The popularity of electric cars is on the rise and more drivers may be considering an eco-friendly vehicle to reduce their carbon footprint. Electric cars can be more expensive to buy than their petrol or diesel equivalent, but many argue the running costs of an EV help to outweigh the purchase price. If you’re considering getting an electric car, there are many benefits for drivers but how can you decide how to fund your EV purchase? The guide below looks at both buying outright and splitting the cost with finance to help you decide which is best.
Why get an electric car?
Getting an electric car can not only help to promote cleaner air quality but it can also be better for your pocket too. There are so many benefits of driving an EV:
- They are better for the environment as no harmful emissions will be produced.
- Charge your EV overnight at home for pennies.
- Lower maintenance and servicing costs.
- No need to pay ULEZ or Clean Air Zone congestion charges.
- Experience a smooth and quiet ride.
- Free and priority parking spaces.
Buying an electric car with cash.
Buying any car with cash will always be the most cost-effective way to purchase. There’s no interest to pay, you aren’t restricted to where you can buy your car from and there’s no mileage or damage charges to adhere to. However, electric cars are some of the most expensive vehicles to buy.
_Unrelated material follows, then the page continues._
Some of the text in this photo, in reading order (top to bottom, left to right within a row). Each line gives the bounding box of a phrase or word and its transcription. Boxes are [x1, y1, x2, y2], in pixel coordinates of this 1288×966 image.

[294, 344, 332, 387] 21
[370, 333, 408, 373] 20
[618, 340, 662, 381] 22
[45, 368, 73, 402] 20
Due to the modern technology involved, the purchase price will usually always be higher when comparing to their petrol or diesel counterpart. Many EV drivers do argue the running costs tend to outweigh the higher purchase price in the long run though. This is because it costs considerably less to recharge your EV than it does to fill up a combustion engine vehicle with petrol or diesel.
Taking out an EV loan.
Electric car finance is becoming more popular to help spread the cost of ownership. An EV loan is when a lender gives you the money to buy an electric car and make monthly payments back to the lender. One of the biggest benefits of finance is the ability to spread the cost into more manageable chunks. The loan is paid back each month, usually with interest over a number of years.
Should you take out finance for an EV?
Financing an electric car can be attractive but its worth remembering finance is never guaranteed to anyone. No finance company can offer loans to every applicant as they need to stick to the rules of responsible lending, and it would be unethical to offer finance to anyone who can’t afford to pay it back. If you’re unsure of your eligibility for car finance, you can check with a lender to see if you would meet their criteria before you even apply. You should only take out a car loan you can afford to pay back and meet every single payment. You budget for a car loan should be realistic and always affordable too.
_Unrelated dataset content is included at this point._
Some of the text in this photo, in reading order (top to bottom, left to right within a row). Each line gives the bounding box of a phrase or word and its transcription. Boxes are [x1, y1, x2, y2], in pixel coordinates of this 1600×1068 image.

What to consider before financing an EV:
Whilst there are so many benefits of financing a car, there are a few factors to consider first to see if it’s the right choice for your circumstances.
Credit score.
Your credit score is really important for finance, and it can affect the likelihood of being approved for car finance and also the interest rate you are offered. Lenders use credit checks to see how you’ve handled your finance in the past and make predictions about how likely you are to pay their finance back on time and in full. A bad credit score usually means you have no previous credit history or have failed to stick to the rules of your previous credit agreements. It can be harder to get approved with bad credit or if you do, it could see you offered a higher interest rate which makes borrowing more expensive.
Interest rates.
It can be possible to get interest free car finance deals for EVs, but they typically tend to be provided on brand new cars and those with excellent credit. It can be very beneficial to shop around for the lowest interest rate you can as choosing a higher interest rate can make your finance more expensive than it needs to be.